THE PEOPLES HOLDING COMPANY P. O. BOX 709 TUPELO, MISSISSIPPI 38802-0709 NOTICE OF ANNUAL MEETING OF STOCKHOLDERS TO BE HELD ON APRIL 14, 1998 TO THE STOCKHOLDERS: Notice is hereby given that the Annual Meeting of Stockholders of The Peoples Holding Company (the "Company") will be held at the principal office of The Peoples Bank & Trust Company at 209 Troy Street, Tupelo, Mississippi, on April 14, 1998, at 2:00 o'clock p.m. for the purpose of considering and voting on the following matters: (1) Authority to elect as members of the board of directors for the terms specified the five (5) nominees presented in the proxy material. (2) To consider and act upon a proposal to amend the articles of incorporation to increase to 15,000,000 the number of authorized shares of common stock. (3) To ratify the appointment of Ernst and Young LLP of Memphis, Tennessee, as independent auditors for the Company for the current year. (4) To exercise its discretion on any other matters which properly come before said meeting.

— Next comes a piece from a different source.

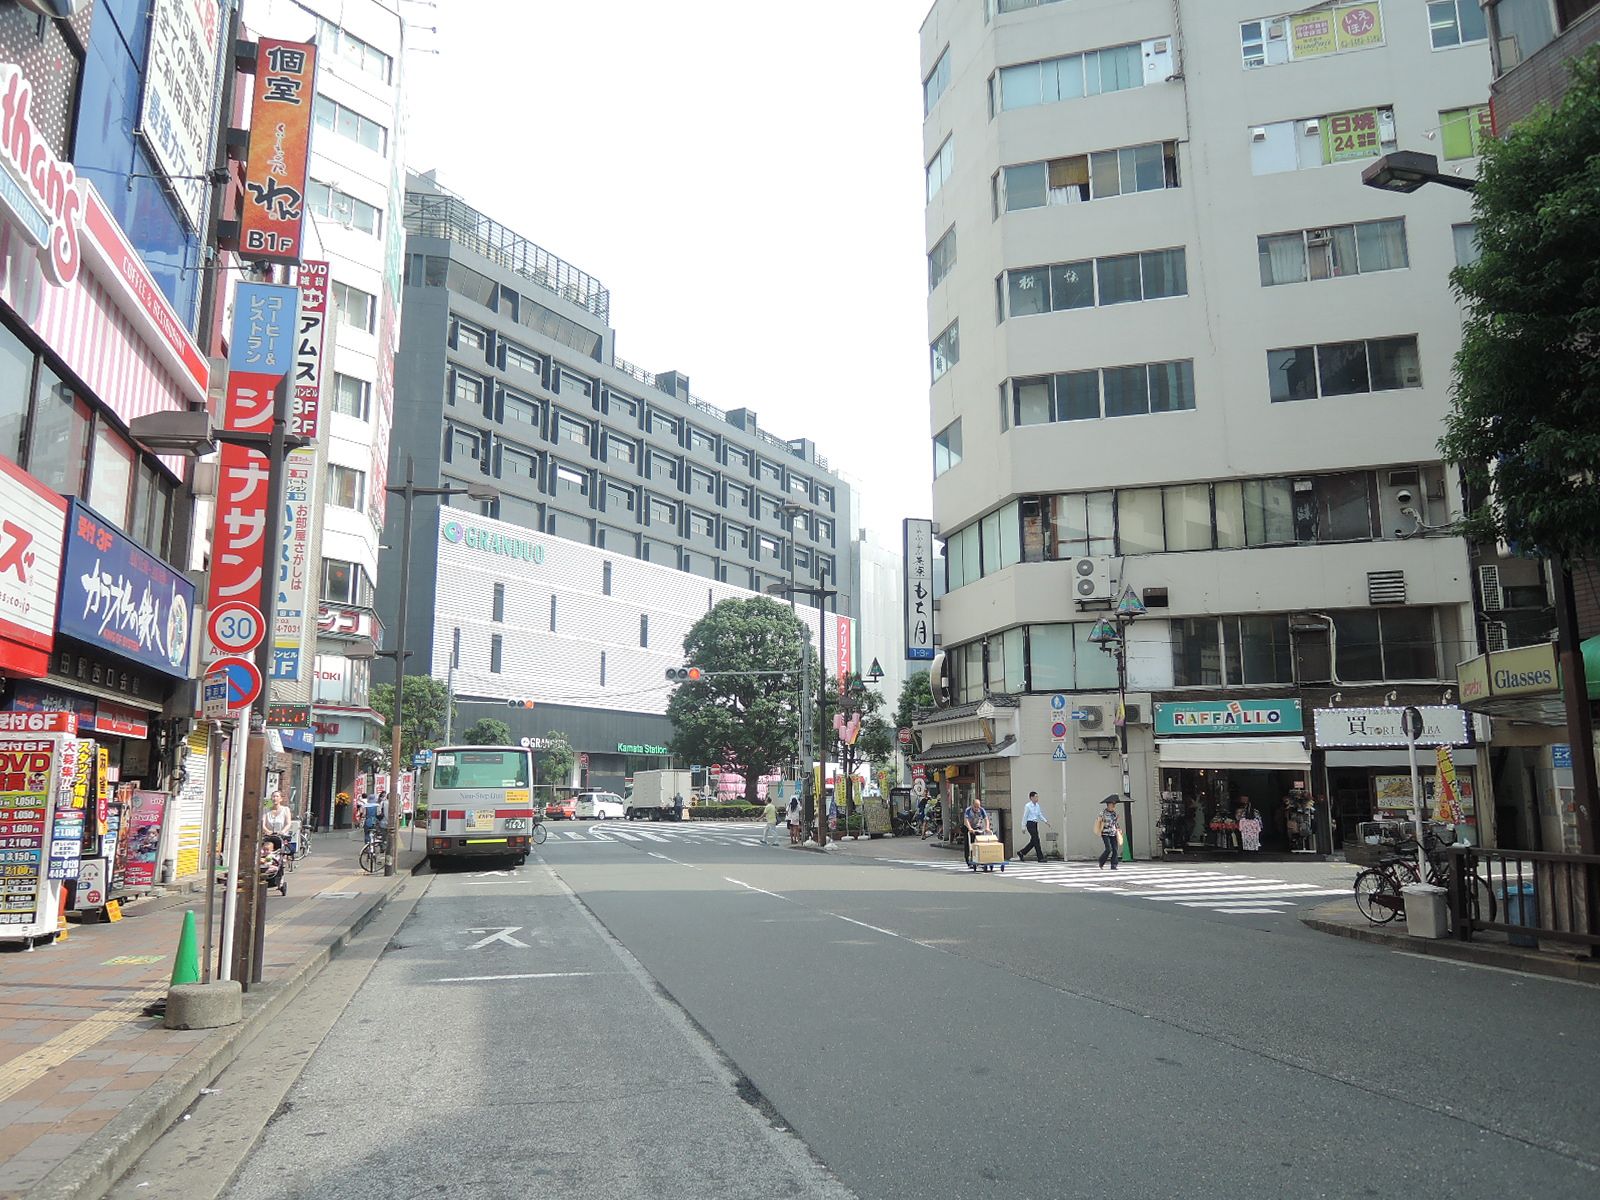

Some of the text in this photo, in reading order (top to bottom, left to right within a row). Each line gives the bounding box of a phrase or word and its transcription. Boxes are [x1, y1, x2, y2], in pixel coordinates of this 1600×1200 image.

Information regarding the matters to be acted upon at the meeting is contained in the Proxy Statement accompanying this Notice. BY ORDER OF THE BOARD OF DIRECTORS March 23, 1998 /s/ John W. Smith ----------------- John W. Smith, President IMPORTANT WHETHER YOU EXPECT TO ATTEND THE MEETING OR NOT, PLEASE MARK, SIGN, DATE, AND RETURN, AS PROMPTLY AS POSSIBLE, THE ENCLOSED PROXY IN THE ENVELOPE PROVIDED. IT REQUIRES NO POSTAGE IF MAILED IN THE UNITED STATES.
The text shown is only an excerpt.